Sunday, July 31, 2016

This is retirement....

I've been 'retired' since April of 2010. I retired when I had 30 years in the Church Pension Fund (one reason to consider being an Episcopal priest that has nothing to do with spirituality or religion, is the Church Pension Fund. Each month I receive over 80% of my total compensation from the 7 years of my highest pay--including housing, pension and medical care. Amazing!)

I still do stuff. I am a long term Interim Missioner for the Middlesex Area Cluster Ministry--three little churches--10-12 hours a week. So, I get paid for that. I also teach at UConn in Waterbury in the Osher Life-long Learning Institute every other semester. I choose to let my stipend go back into the Institute, so I don't get paid. And I'm a leader of the Making a Difference Workshop several times a year. I pay my way for that, except the Mastery Foundation pays when I go to Ireland for the plane ride. So, I stay busy.

But all that is stuff I love to do. What I do the rest of the time is, well, read.

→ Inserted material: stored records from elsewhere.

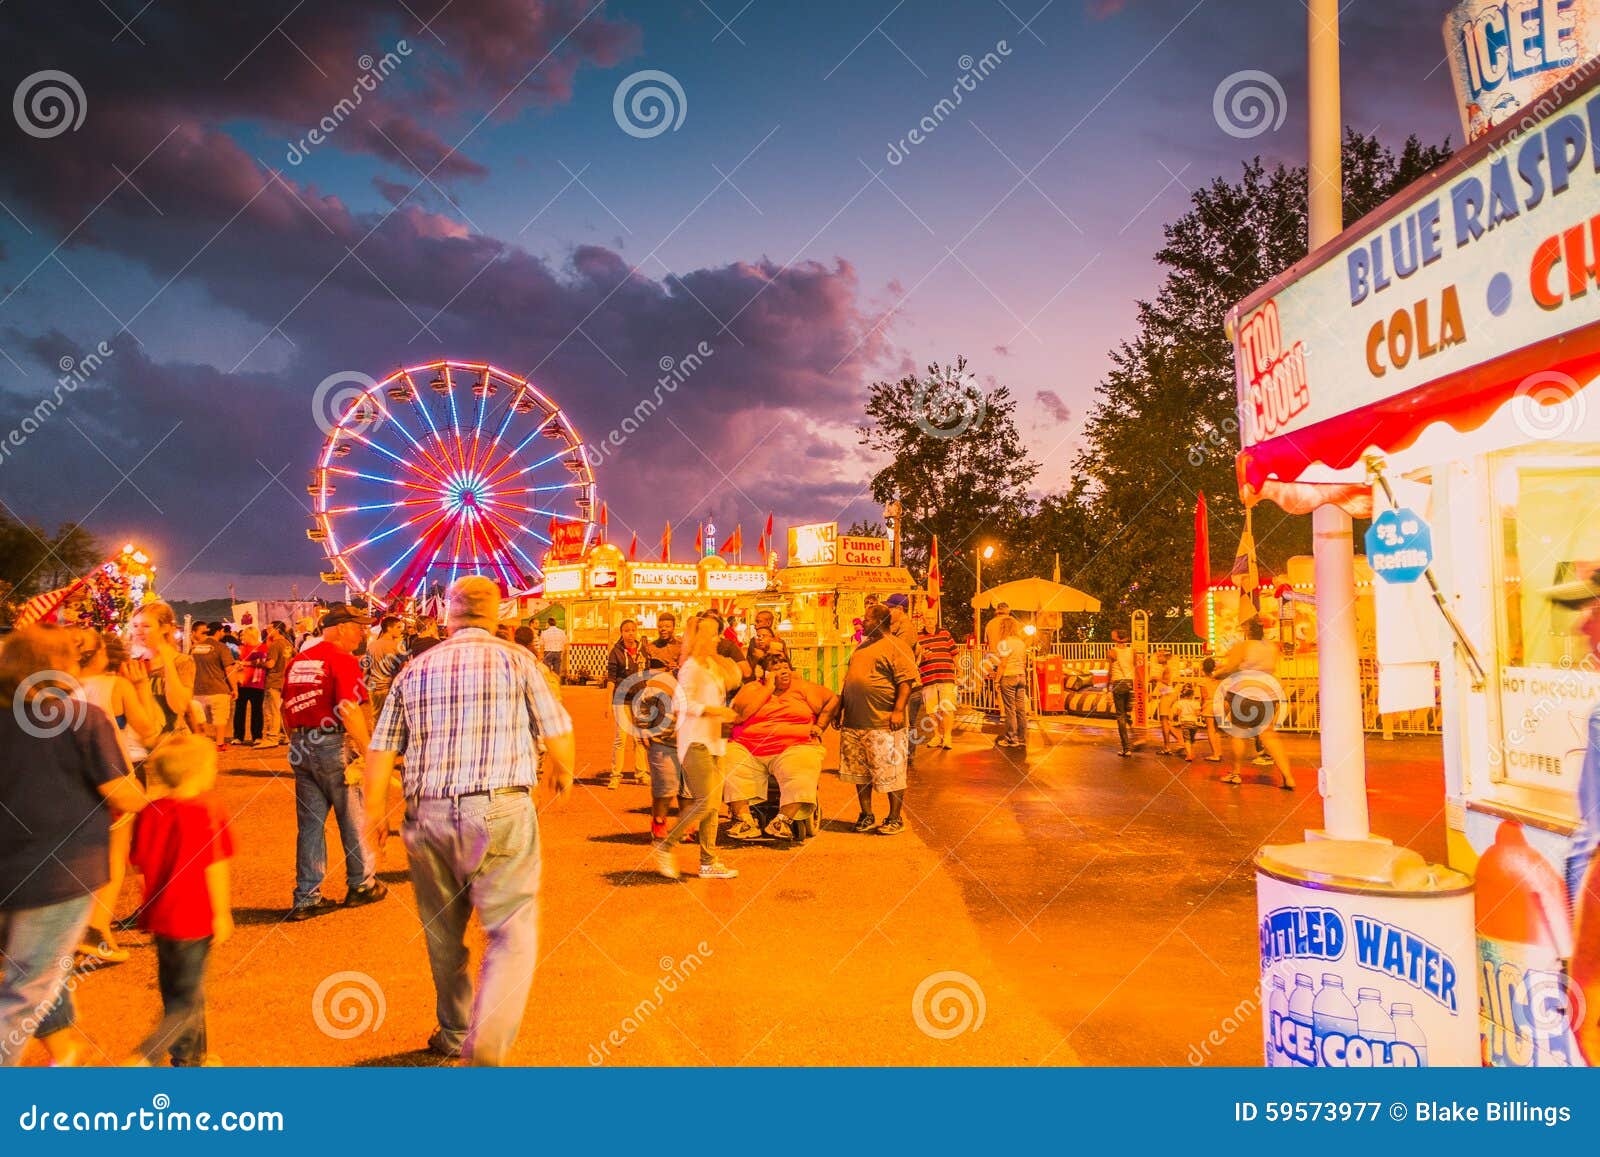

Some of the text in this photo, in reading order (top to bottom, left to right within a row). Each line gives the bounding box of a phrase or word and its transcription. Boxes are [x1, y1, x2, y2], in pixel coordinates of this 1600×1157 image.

[1463, 0, 1578, 99] ICEE
[1346, 198, 1442, 307] BLUE
[1240, 299, 1282, 385] TOO
[1366, 284, 1467, 378] COLA
[1249, 341, 1311, 443] COOL!
[633, 572, 697, 586] ITALIAN SAUSAGE
[842, 537, 885, 551] Funnel
[845, 552, 881, 564] Cakes
[1503, 678, 1600, 701] HOT CHOCOLA
[1509, 750, 1562, 776] COFFEE
[1261, 907, 1459, 1014] OTTLED WATER
[1271, 1010, 1420, 1067] ICE COLD
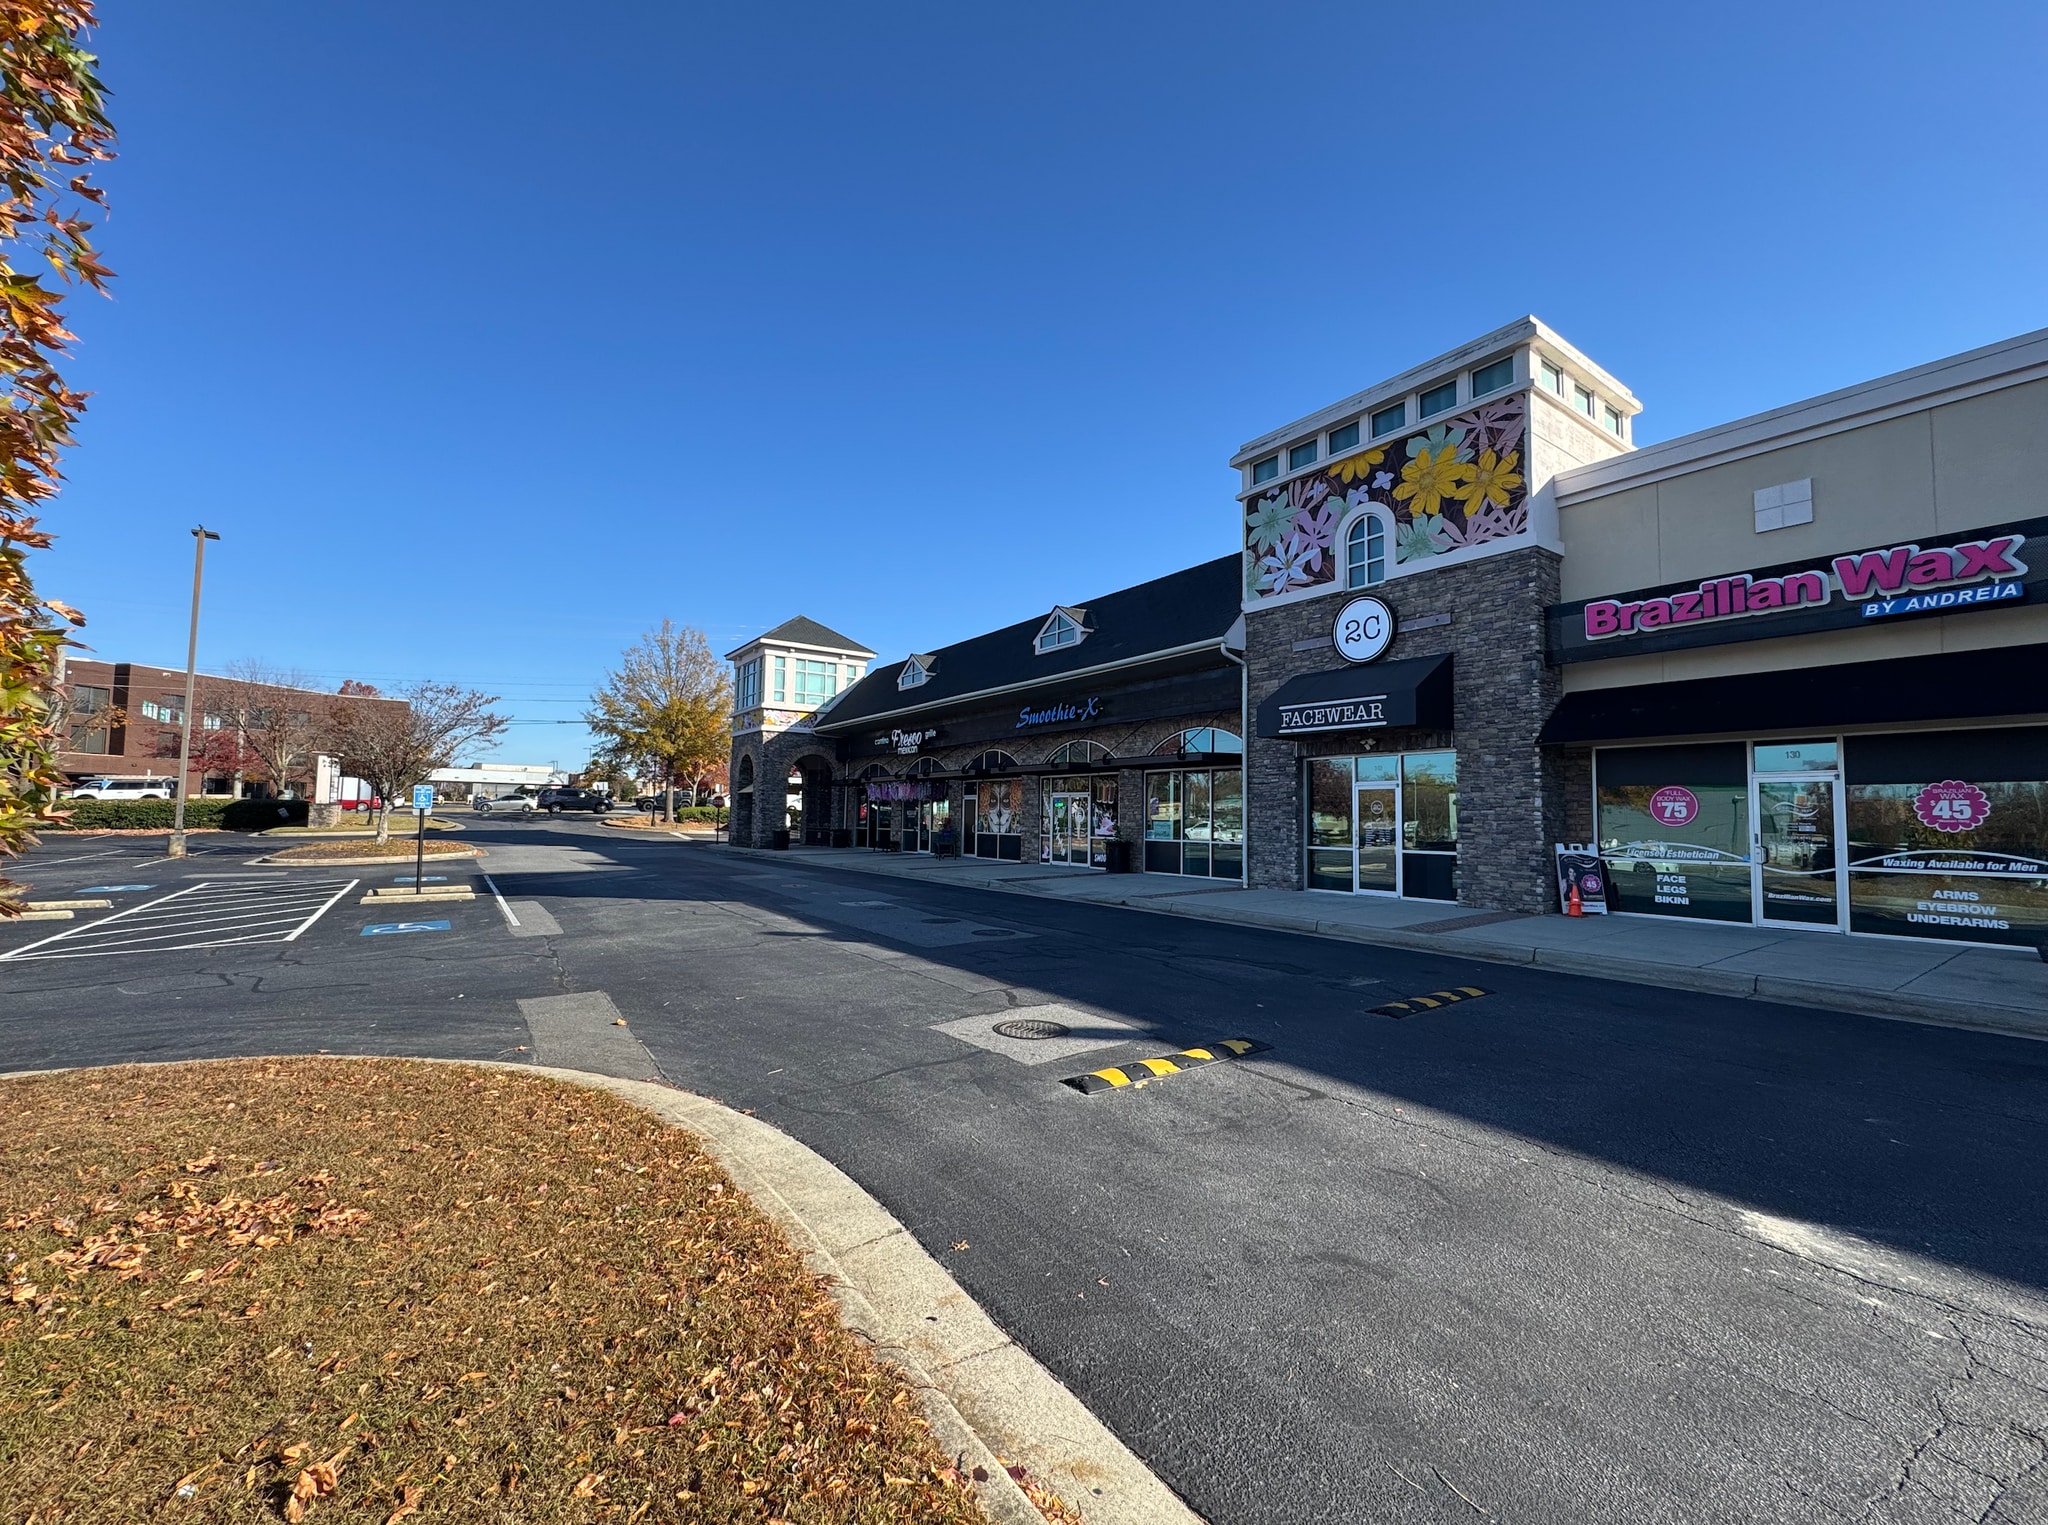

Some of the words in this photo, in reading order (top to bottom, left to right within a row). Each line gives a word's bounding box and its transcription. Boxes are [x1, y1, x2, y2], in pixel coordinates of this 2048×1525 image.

[1585, 571, 1827, 638] Brazilian
[1832, 536, 2022, 598] Wax
[1865, 601, 1896, 617] BY
[1905, 583, 2018, 610] ANDREIA
[1344, 614, 1381, 645] 2C
[1016, 697, 1099, 728] Smoothie-X
[1280, 702, 1385, 728] FACEWEAR
[1785, 750, 1801, 760] 130
[1626, 848, 1665, 858] Licensed
[1666, 849, 1720, 860] Esthetician
[1883, 858, 1925, 870] Waxing
[1927, 859, 1985, 871] Available
[1986, 861, 2006, 872] for
[2008, 861, 2039, 873] Men
[1656, 874, 1687, 884] FACE
[1656, 884, 1687, 894] LEGS
[1932, 889, 1979, 901] ARMS
[1654, 895, 1690, 905] BIKINI
[1917, 901, 1997, 916] EYEBROW
[1906, 913, 2010, 930] UNDERARMS

I read 5 books a week--mostly mysteries, though some straight novels and poetry (which I read in a way that doesn't take much time). Almost never non-fiction. I did that in 7 years of post graduate studies (2 at Harvard for my MTS, 2 at Virginia Seminary for my M.Div. and 3 years at Hartford Seminary for my Doctor of Ministry degree) and since I was an undergraduate minor in political science--thinking I might go to law school--I read some non-fiction there for 4 years.

Now I do 'fiction'.

Five books a week. 260 or so books a year.

I spent a lot of time in the 'real world' as a social worker and a priest. And I still have a hand in that world. But I live for fiction.

I think fiction is a way into 'reality'. Fiction creates realities in our heads, places to live for a while knowing we can come back to what is 'real' whenever we need to cook dinner or walk the dog or have a visit with friends or talk to adult children.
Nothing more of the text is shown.